Use of an aromatase inhibitor in children with congenital adrenal hyperplasia: Impact of anastrozole on bone mineral density and visceral adipose tissue

Objective Anastrozole, an aromatase inhibitor, has been used off‐label in males with short stature to delay bone maturation. No studies have examined anastrozole's effect on bone mineral density (BMD) or body composition in children with congenital adrenal hyperplasia (CAH) due to 21‐hydroxylase deficiency.

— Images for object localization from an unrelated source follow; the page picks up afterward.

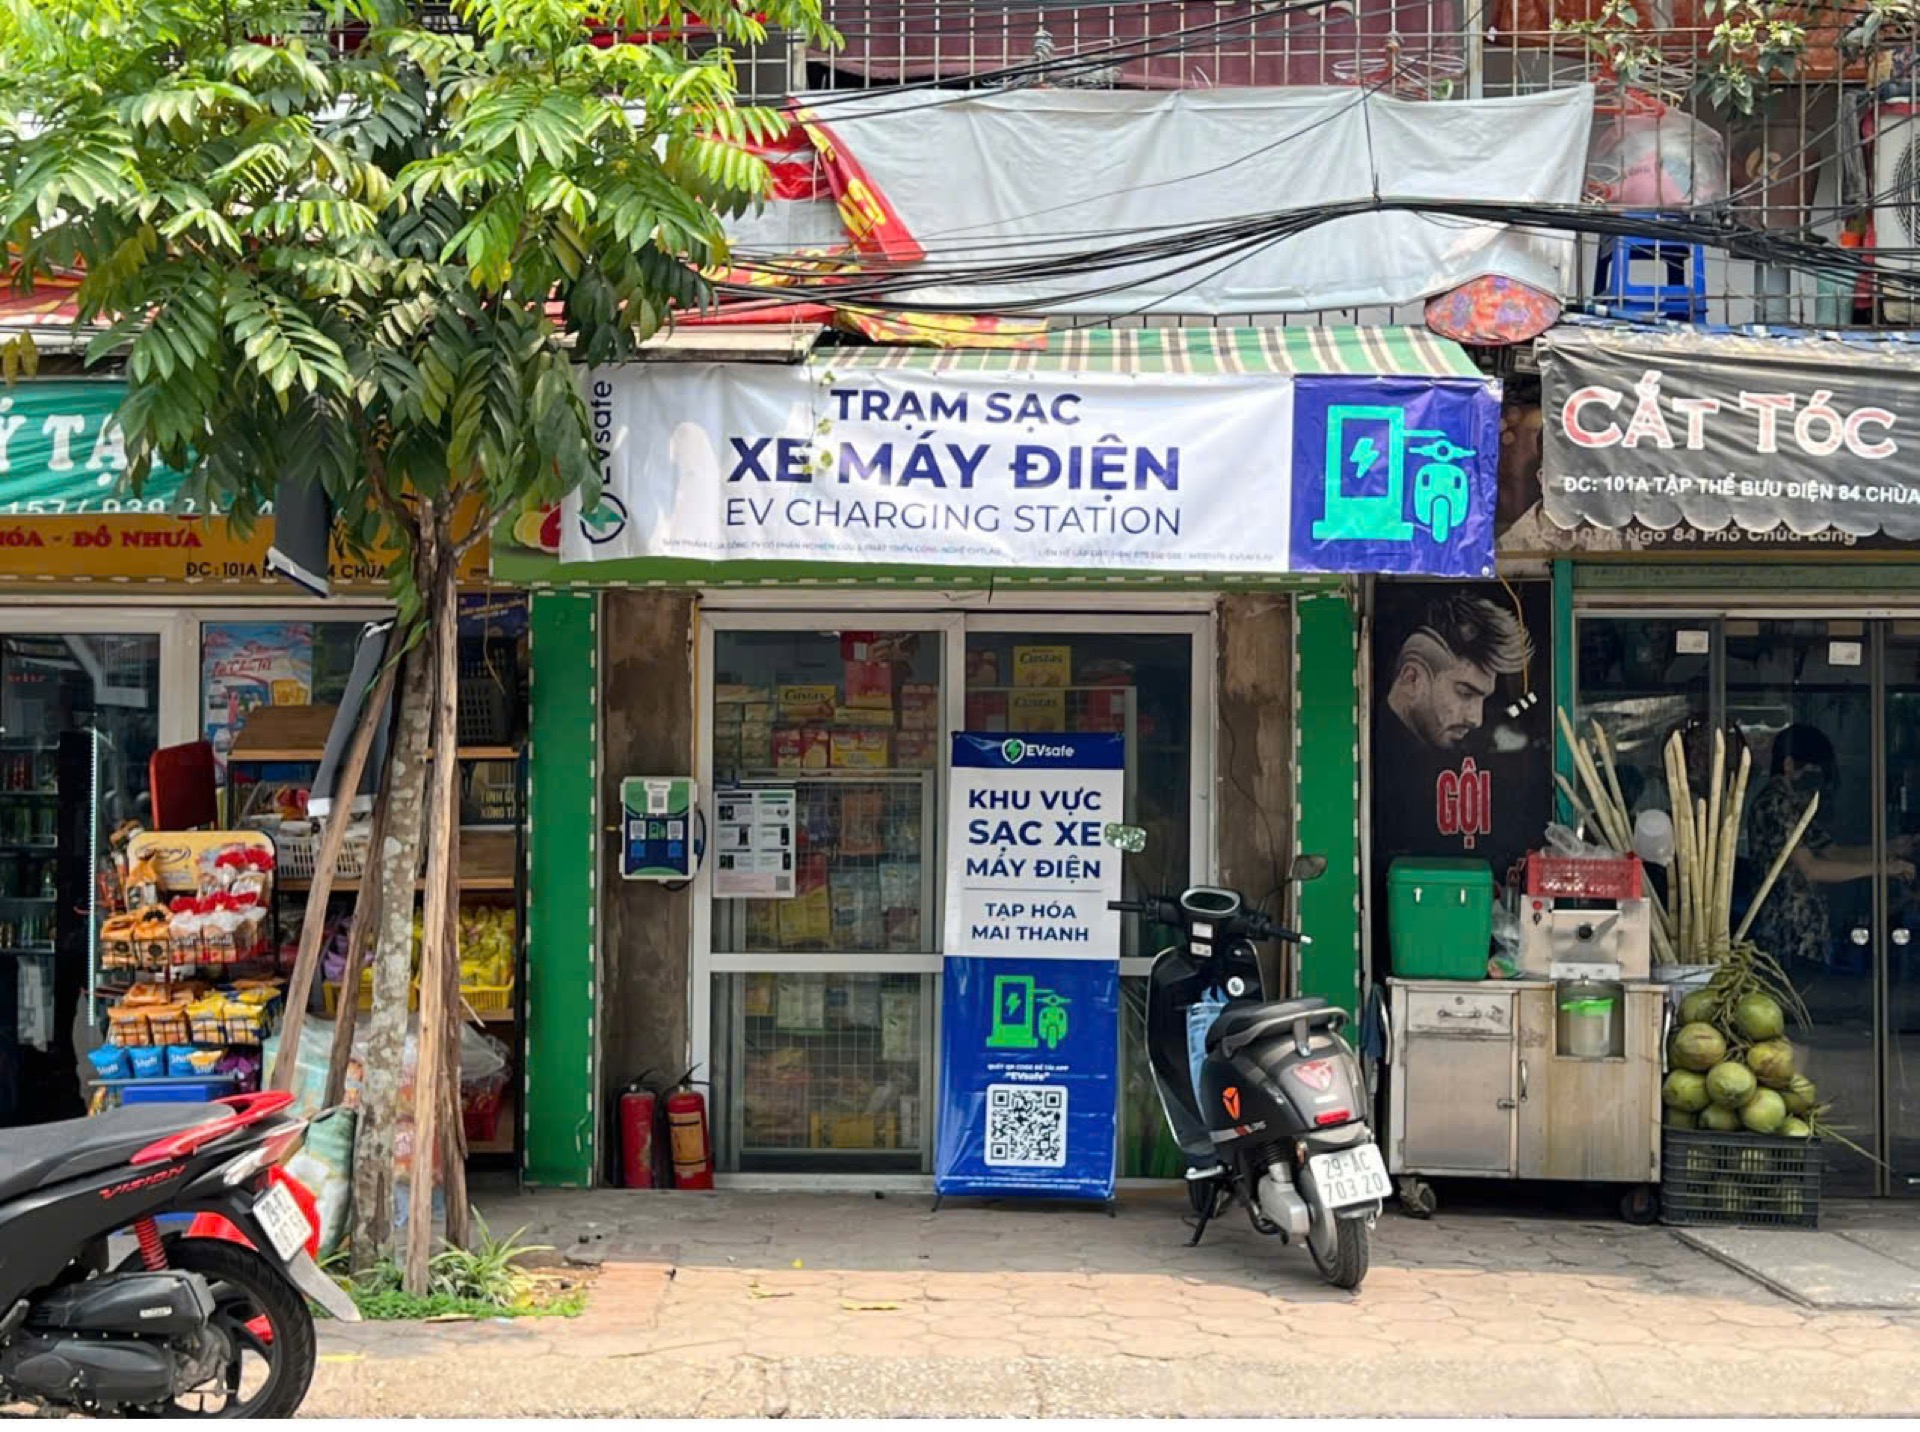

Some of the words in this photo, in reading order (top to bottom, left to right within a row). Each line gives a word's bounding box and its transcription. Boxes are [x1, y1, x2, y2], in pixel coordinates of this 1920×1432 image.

[831, 389, 968, 431] TRẠM
[985, 392, 1081, 433] SẠC
[1562, 369, 1719, 450] CẮT
[1740, 390, 1898, 459] TÓC
[727, 437, 813, 482] XE
[839, 430, 990, 488] MÁY
[1009, 433, 1179, 502] ĐIỆN
[1564, 477, 1597, 492] ĐC:
[1603, 476, 1649, 491] 101A
[1654, 474, 1691, 496] TẬP
[1741, 478, 1781, 496] BƯU
[1787, 480, 1832, 502] ĐIỆN
[1839, 485, 1860, 500] 84
[1866, 482, 1920, 504] CHÙA
[727, 498, 774, 526] EV
[787, 500, 1000, 532] CHARGING
[1013, 504, 1180, 536] STATION
[0, 526, 44, 547] ÓA
[1026, 744, 1074, 757] EVsafe
[969, 789, 1030, 809] KHU
[1040, 787, 1102, 815] VỰC
[1437, 756, 1491, 849] GỘI
[969, 820, 1042, 851] SẠC
[1054, 822, 1102, 845] XE
[966, 851, 1026, 876] MÁY
[1034, 855, 1101, 883] ĐIỆN
[985, 903, 1024, 921] TẠP
[1032, 901, 1076, 918] HÓA
[971, 925, 1009, 939] MAI
[1016, 926, 1089, 941] THANH

Our objective was to evaluate anastrozole's effect on BMD and visceral adipose tissue (VAT) in children with CAH. Design Total body BMD (TBMD) and L2‐L4 BMD Z ‐scores were adjusted for height‐for‐age Z ‐scores (TBMD HAZ and L2‐L4 HAZ ). Hydrocortisone doses (mg/m 2 /d) were averaged over the previous year. Comparison of treated vs not treated with anastrozole used linear regression adjusting for age, pubertal status, sex, CAH type, years on hydrocortisone, BMI Z ‐scores and bone age Z ‐scores. Patients We compared 25 children with CAH treated with anastrozole (mean age 11.3 [SD 3.0] years, 56% males) vs 31 children with CAH not treated with anastrozole (13.5 [SD 4.6], 29%). Participants underwent a pubertal exam, bone age X‐ray and dual X‐ray absorptiometry (DXA) scan. Results Average bone age Z ‐score of 4.3 SDs on beginning anastrozole decreased to 1.9 SDs at time of DXA exam ( P  = 0.0004) 5.2 (SD 2.2) years later. TBMD Z ‐scores ( P  = 0.51), L2‐L4 BMD Z ‐scores ( P  = 0.66), VAT ( P  = 0.38), TBMD HAZ Z ‐scores ( P  = 0.66) and L2‐L4 HAZ Z ‐scores ( P  = 0.41) did not differ between children treated vs not treated with anastrozole. Conclusion Anastrozole significantly reduced bone age advancement in children with CAH and advanced bone age (>2SDs) without adverse effects on BMD or VAT. Longitudinal studies of anastrozole in children with CAH are needed to validate these findings.